El estudio, publicado en marzo en la revista Geology, vincula la formación de la Calzada del Gigante, la meseta de Antrim, las montañas Mourne y Slieve Gullion con un importante evento volcánico global registrado en rocas ubicadas incluso en Groenlandia. Gracias a esta conexión, los científicos pudieron construir una nueva cronología de la actividad volcánica en Irlanda del Norte y determinar con mayor precisión cuándo y cómo se formó este famoso paisaje.
“Estos hallazgos han cambiado por completo nuestra comprensión del papel de Irlanda del Norte dentro de la historia volcánica más amplia del Atlántico Norte”, afirmó Mark Cooper, geólogo principal del Servicio Geológico de Irlanda del Norte y autor principal del estudio.
Una pieza clave de un rompecabezas geológico
La Calzada del Gigante, declarada Patrimonio de la Humanidad por la UNESCO, es una de las formaciones más impresionantes de la costa de Antrim y atrae a millones de visitantes cada año.
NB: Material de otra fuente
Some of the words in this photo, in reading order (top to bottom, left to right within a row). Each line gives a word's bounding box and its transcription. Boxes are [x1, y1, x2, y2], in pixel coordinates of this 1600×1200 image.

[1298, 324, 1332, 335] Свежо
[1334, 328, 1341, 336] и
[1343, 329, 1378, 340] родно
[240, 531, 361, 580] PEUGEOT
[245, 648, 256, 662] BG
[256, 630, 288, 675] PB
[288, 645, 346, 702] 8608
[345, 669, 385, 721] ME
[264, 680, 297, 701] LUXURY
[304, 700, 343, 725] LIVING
Comprender su historia geológica tiene una gran importancia cultural y científica, pero determinar cuándo se formó era solo una parte de un problema mucho más amplio que Cooper y su equipo intentaban resolver.
Los investigadores querían descubrir qué provocó la formación de la Provincia Ígnea del Atlántico Norte, una inmensa región de lavas basálticas creada entre hace 62 y 54 millones de años durante uno de los episodios volcánicos más grandes de la historia de la Tierra.
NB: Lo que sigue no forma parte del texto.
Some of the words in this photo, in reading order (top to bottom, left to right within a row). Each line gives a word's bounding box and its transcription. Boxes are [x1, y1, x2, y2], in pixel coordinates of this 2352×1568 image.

Esta gigantesca provincia volcánica se fragmentó durante la apertura del océano Atlántico Norte, dejando restos distribuidos por el oeste de Escocia, las Islas Feroe, el noroeste de Islandia, el este de Groenlandia, el oeste de Noruega e Irlanda del Norte.
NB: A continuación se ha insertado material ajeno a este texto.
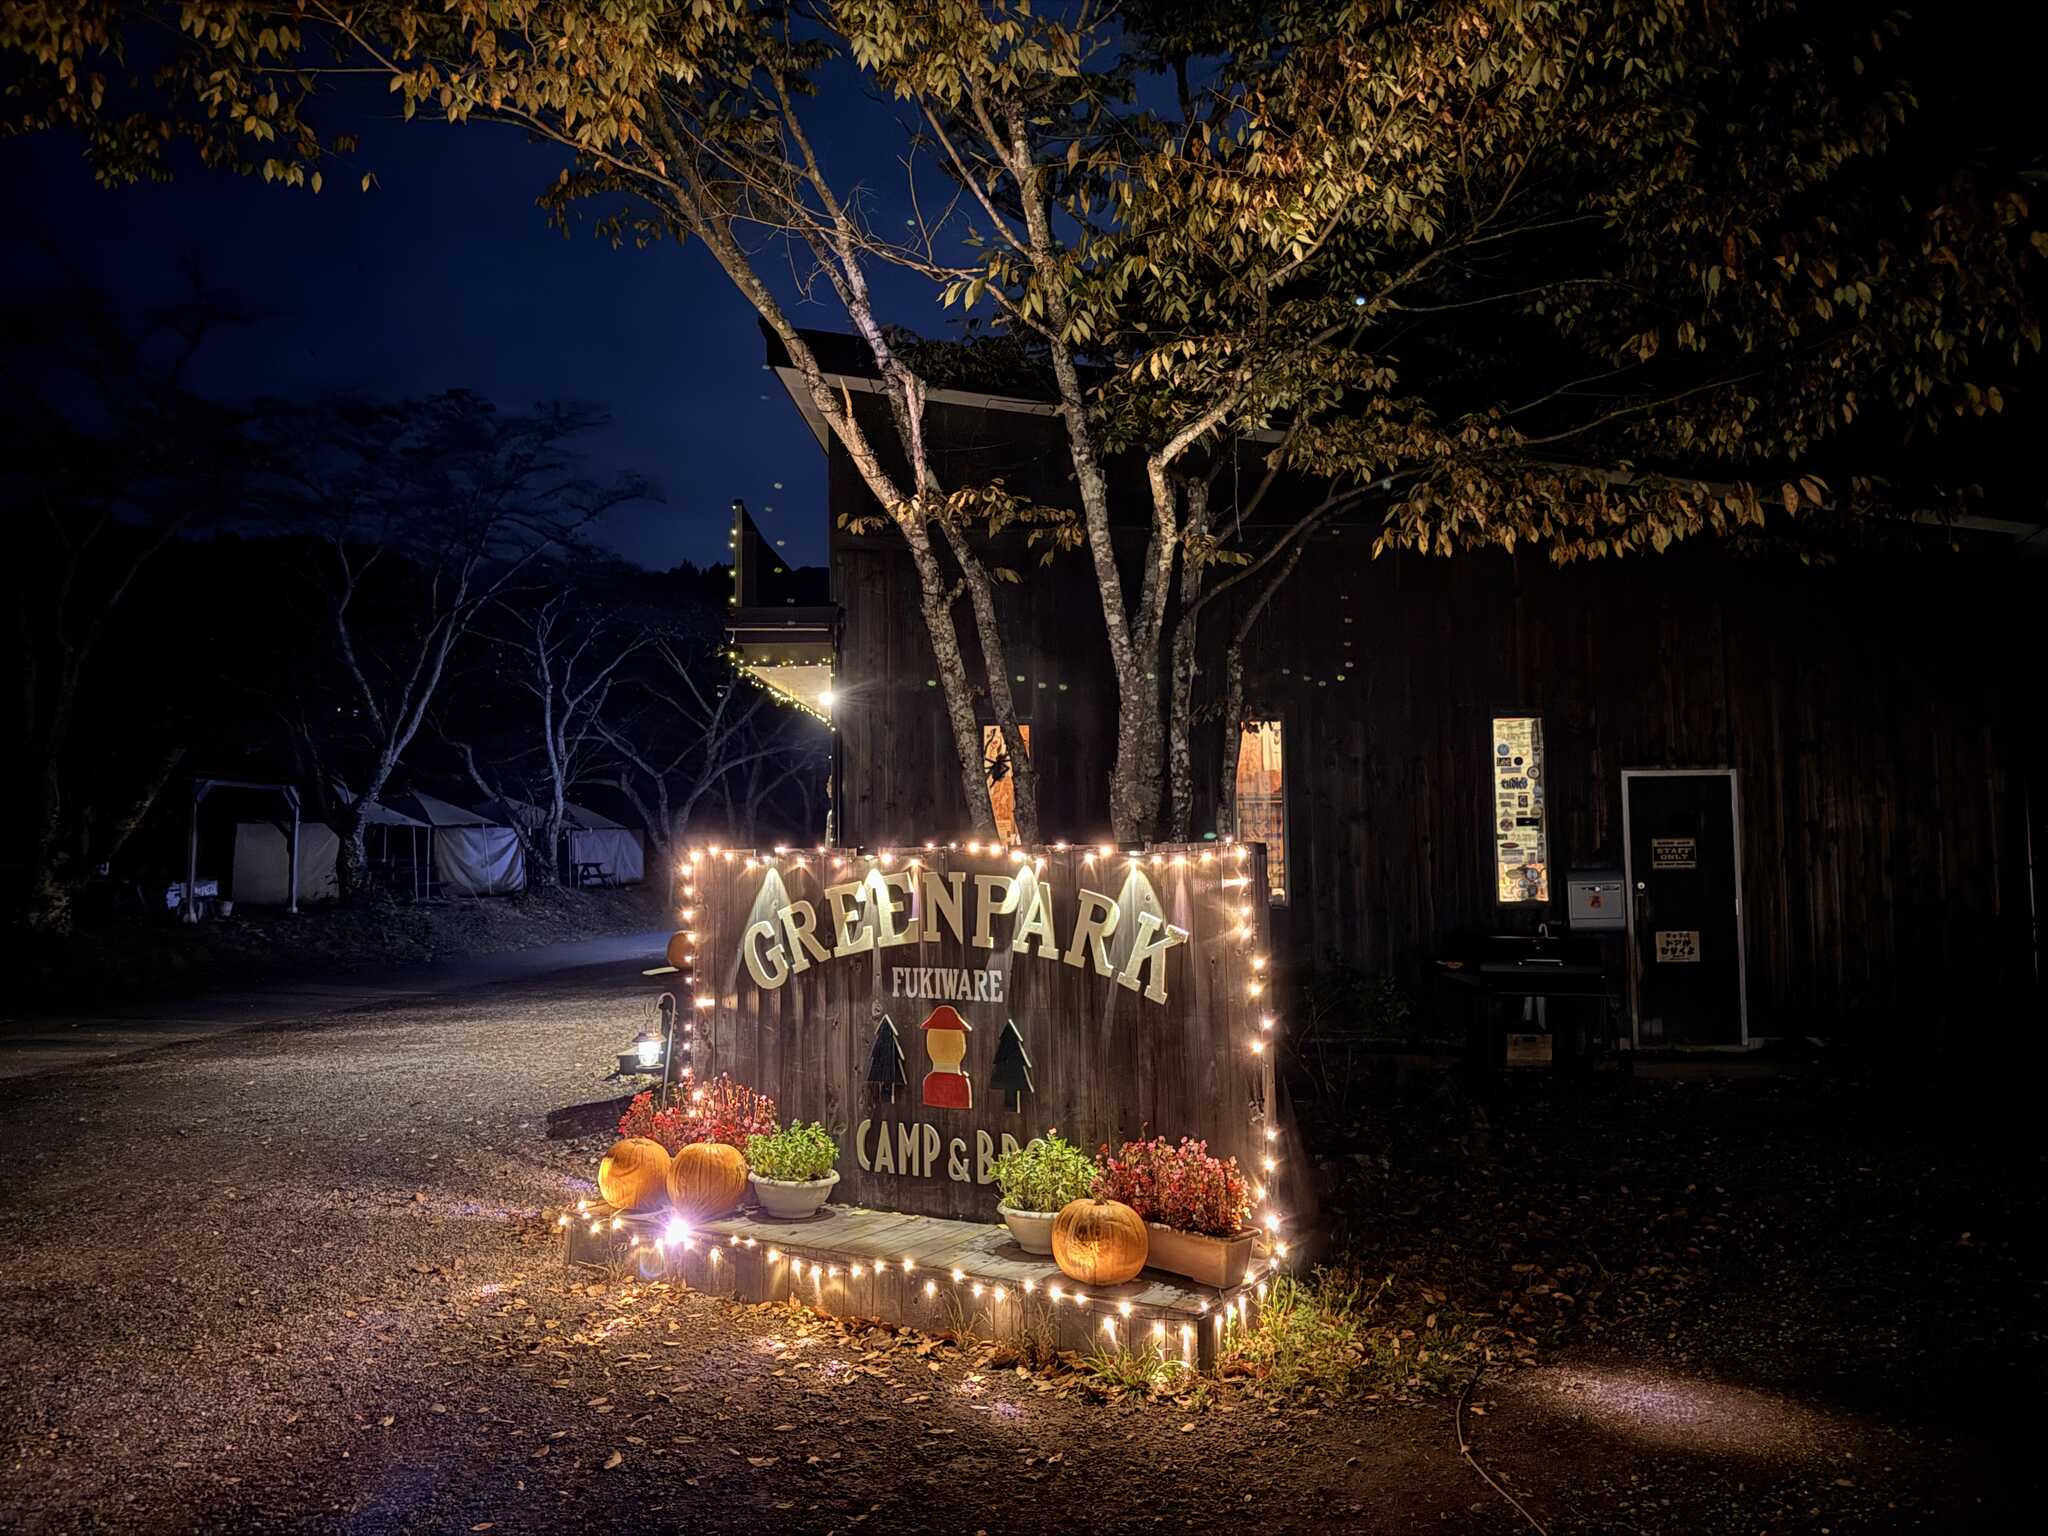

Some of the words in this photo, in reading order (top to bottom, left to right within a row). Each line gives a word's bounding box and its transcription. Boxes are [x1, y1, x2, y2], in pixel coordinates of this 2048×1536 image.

[744, 871, 1189, 1004] GREENPARK
[892, 967, 1003, 1002] FUKIWARE
[856, 1119, 941, 1178] CAMP
[947, 1137, 971, 1183] &
Sin embargo, las formaciones de Irlanda del Norte, incluida la Calzada del Gigante, habían desconcertado durante décadas a los geólogos porque parecían no encajar con las fechas observadas en otras partes de la Provincia Ígnea del Atlántico Norte. Para resolver esta discrepancia, el equipo utilizó técnicas modernas de datación mucho más precisas y reconstruyó la secuencia temporal de la actividad volcánica en la región.
Reescribiendo la historia de la Calzada del Gigante
Los resultados muestran que las rocas volcánicas de Irlanda del Norte no son tan excepcionales como se pensaba anteriormente. En realidad, la Calzada del Gigante y otras formaciones ígneas de la región parecen haberse originado durante un período de vulcanismo mucho más acotado y coherente con la cronología general de la Provincia Ígnea del Atlántico Norte.
“Los análisis de última generación nos han permitido, por primera vez, situar la actividad volcánica que dio origen a la Calzada del Gigante dentro de un contexto global mucho más preciso”, explicó Simon Tapster, geocronólogo del Servicio Geológico Británico y coautor del estudio.
Tapster destacó además que las icónicas 40.000 columnas de basalto que todavía pueden verse en Irlanda del Norte no solo son un espectáculo natural impresionante, sino también una valiosa fuente de información para comprender las transformaciones geológicas globales que ocurrieron durante el período Paleógeno.
La investigación no solo mejora nuestro conocimiento sobre uno de los sitios patrimoniales más famosos del mundo, sino que también respalda la idea de que la Provincia Ígnea del Atlántico Norte se formó mediante breves pero intensos episodios de actividad volcánica distribuidos de forma consistente por distintas regiones.
En conjunto, estos hallazgos aportan una nueva perspectiva sobre uno de los eventos volcánicos más importantes de la historia del planeta y ayudan a comprender mejor cómo procesos geológicos ocurridos hace decenas de millones de años dieron forma a algunos de los paisajes más extraordinarios que existen en la actualidad.